Limsa Lominsa is a boneheaded meritocracy formed by a bunch of pirate crews whose governance system is "whoever's strongest can do what they want", which stems from the nation's founding amidst a mountain of Sahagin and Kobold corpses. Despite seeming the "least bad" of the big three, it's an apathetic and self-centered nation that cares so little about people in its borders that it'll send crews to kill slavers but not actually free slaves; because slavers are bad for business, first and foremost.
Ul'dah, hypercapitalism in its purest form, openly wears its corruption on its sleeve and has an economy primarily built around subjugating anything around them, forcefully or economically. It's somehow more openly racist than Gridania in part due to its penchant for exploiting the demographics it hates. While the other city states at least pay lip service to the idea of having a fair system for choosing rulers, Ul'dah makes no attempt to hide that everyone involved in ruling it wants to hold onto power for as long as possible, suffering be damned. Side content in ARR alone also highlights that Ul'dah did chemical warfare against the other major faction in Thanalan - Sil'dih - and ended up exterminating nearly everyone there.
Ishgard, perpetually off-screen in this expansion, is a hyper-misogynistic theocracy which instead masks its corruption by instead giving the Inquisition free reign to kill, exile or silence anyone who'd talk about it. Somehow more classist than all of the above, it's a deeply misogynistic hellhole - to the point of having prisons that're literally more than holes to throw women into - that one character considers so bad, she considers all the suffering she had to endure to be worth it because at least it got her out of Ishgard.
And the recently fallen Ala Mhigo, also off-screen, is stated repeatedly to have been a formerly imperialist power who used its immense national pride to stoke the flames of war and constantly bully its neighbours, which it did right up until a bigger kid entered the playground and kicked them in the dick.

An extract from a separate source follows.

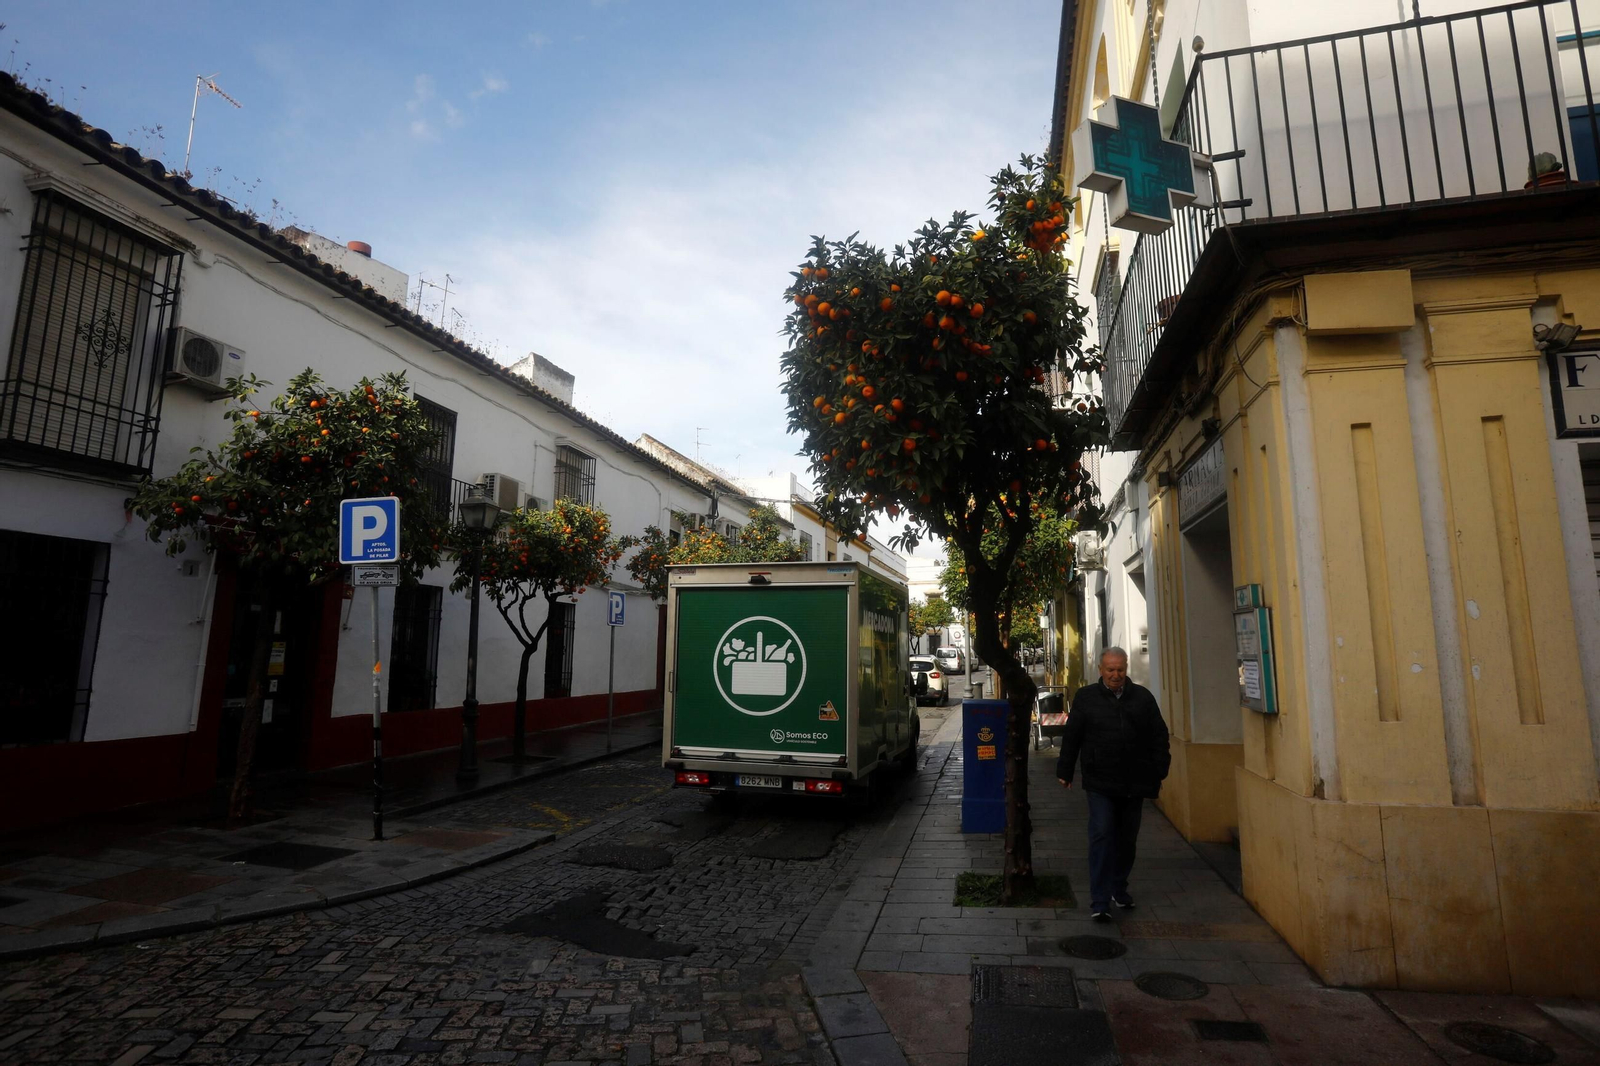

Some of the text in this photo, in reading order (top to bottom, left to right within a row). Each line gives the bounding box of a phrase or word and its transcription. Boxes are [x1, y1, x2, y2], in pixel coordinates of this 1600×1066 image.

All of this remains true going forward, but while ARR establishes all of these as problems, subsequent content treats them as either footnotes, stuff to be discussed in minor side content, or set dressing. The idea that someone could drop Merlwyb and just radically change the landscape of Limsa hangs over ARR, but never manifests. The Seedseers being corrupt and admitting to lying about the Elementals being able to talk to them is all-but-discarded in later content, with Kan-e-Senna getting a loathsome introspection arc that skips over this before culminating in a scene where "the people of Gridania" - comically lacking in Keepers or Duskwights among the nameless populace - come together to help her. ARR postpatch comes so close to mixing up Ul'dah's status quo only for the most contemptible mini-arc in the game to pop up in Heavensward to completely defang and sidestep it. Almost all of Ishgard's problems are ignored in HW, pinned on the pope, and implied to be over. Ala Mhigo's history is relegated to Bard quests and some crafter stories. Garlemald just become The Nazis outright - complete with death camps - which makes them so ludicrously evil that any bad things Eorzea does are utterly banal in comparison. Even the Ascians, initially implied to be working to stop the planet's aetheric balance collapsing before Shadowbringers retconned all of their motives and behaviours, aren't immune. So while you can 'go back' to ARR, you can't go back to a world where any of this was meant to mean anything.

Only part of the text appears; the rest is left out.